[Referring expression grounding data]
**********
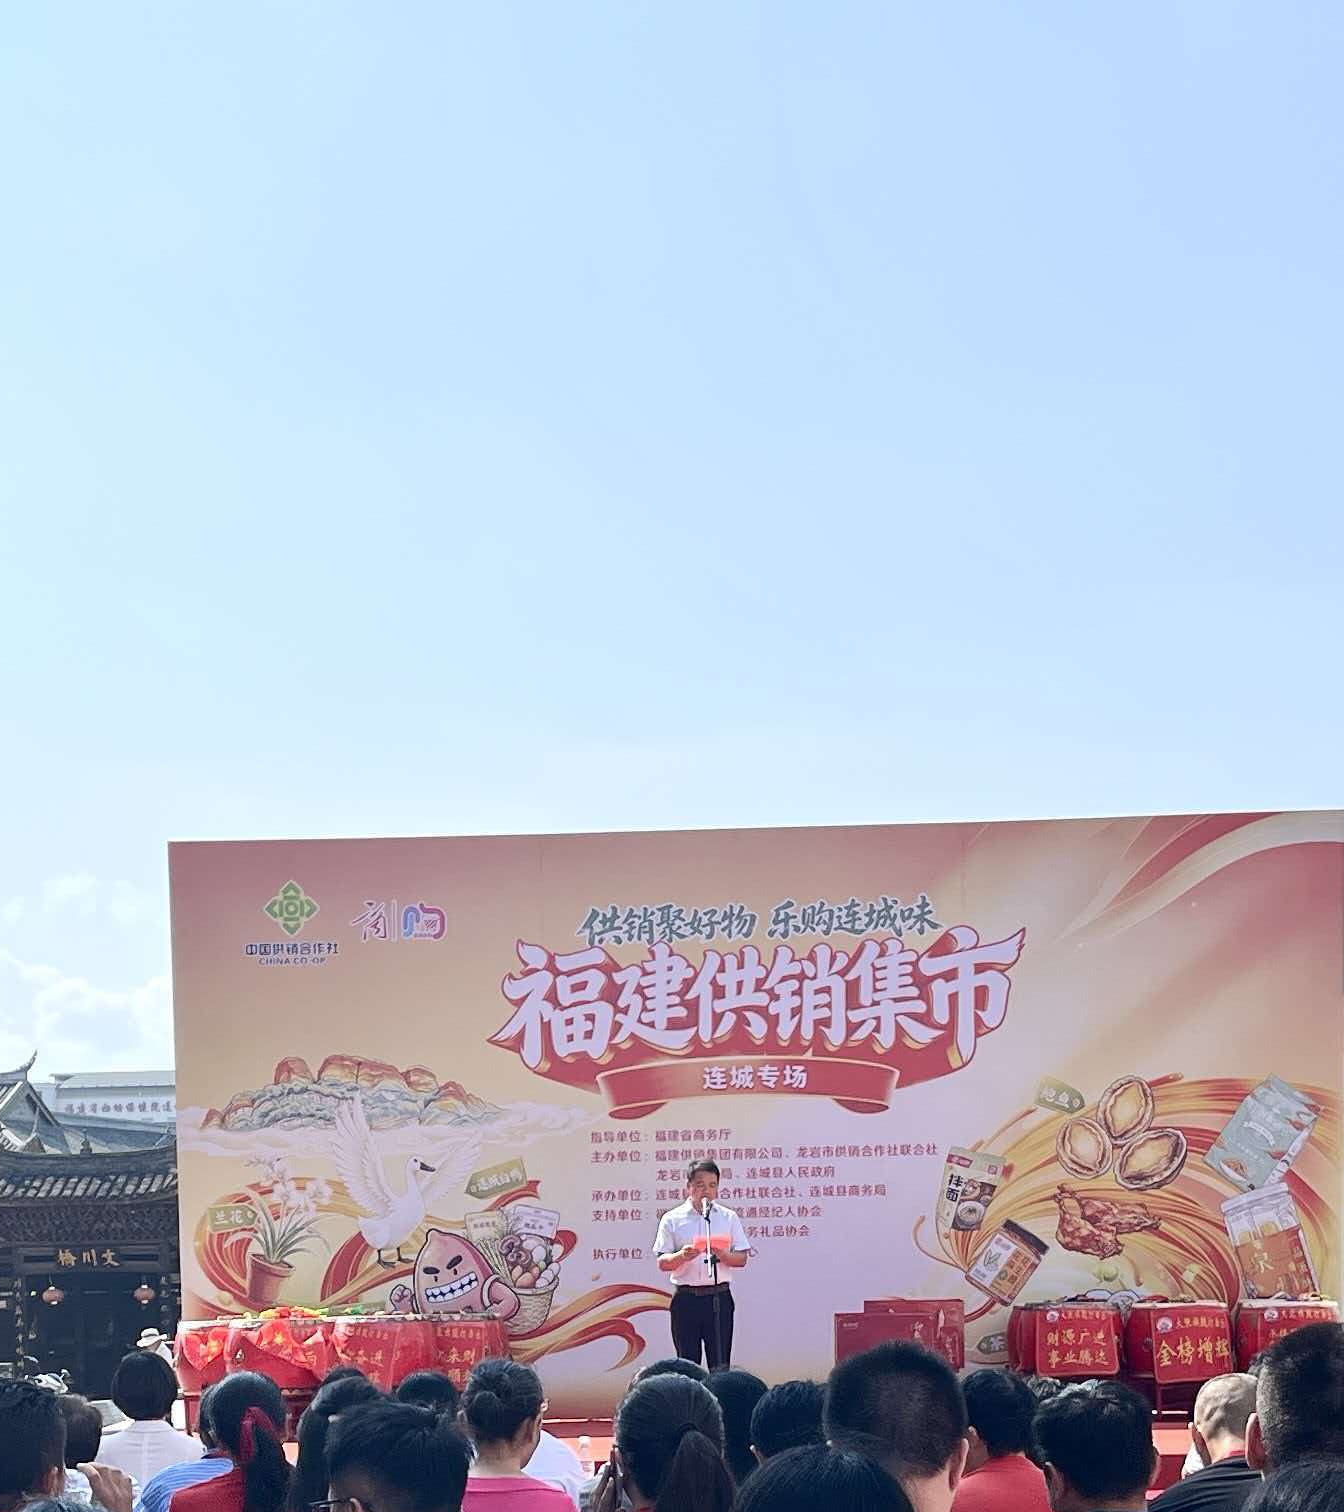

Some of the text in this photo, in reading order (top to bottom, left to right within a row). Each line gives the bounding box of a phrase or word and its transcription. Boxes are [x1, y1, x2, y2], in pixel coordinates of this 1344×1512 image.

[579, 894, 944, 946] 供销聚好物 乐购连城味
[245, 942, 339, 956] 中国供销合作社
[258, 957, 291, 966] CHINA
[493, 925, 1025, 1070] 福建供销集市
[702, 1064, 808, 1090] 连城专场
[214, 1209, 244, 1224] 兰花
**********
WHAT TO DO ▸ Omit the pictures. Transcribe every record exactly.

OUTPUT BELOW ▸
Some of the text in this photo, in reading order (top to bottom, left to right within a row). Each line gives the bounding box of a phrase or word and its transcription. Boxes are [x1, y1, x2, y2], in pixel coordinates of this 1344×1512 image.

[579, 894, 944, 946] 供销聚好物 乐购连城味
[245, 942, 339, 956] 中国供销合作社
[258, 957, 291, 966] CHINA
[493, 925, 1025, 1070] 福建供销集市
[702, 1064, 808, 1090] 连城专场
[214, 1209, 244, 1224] 兰花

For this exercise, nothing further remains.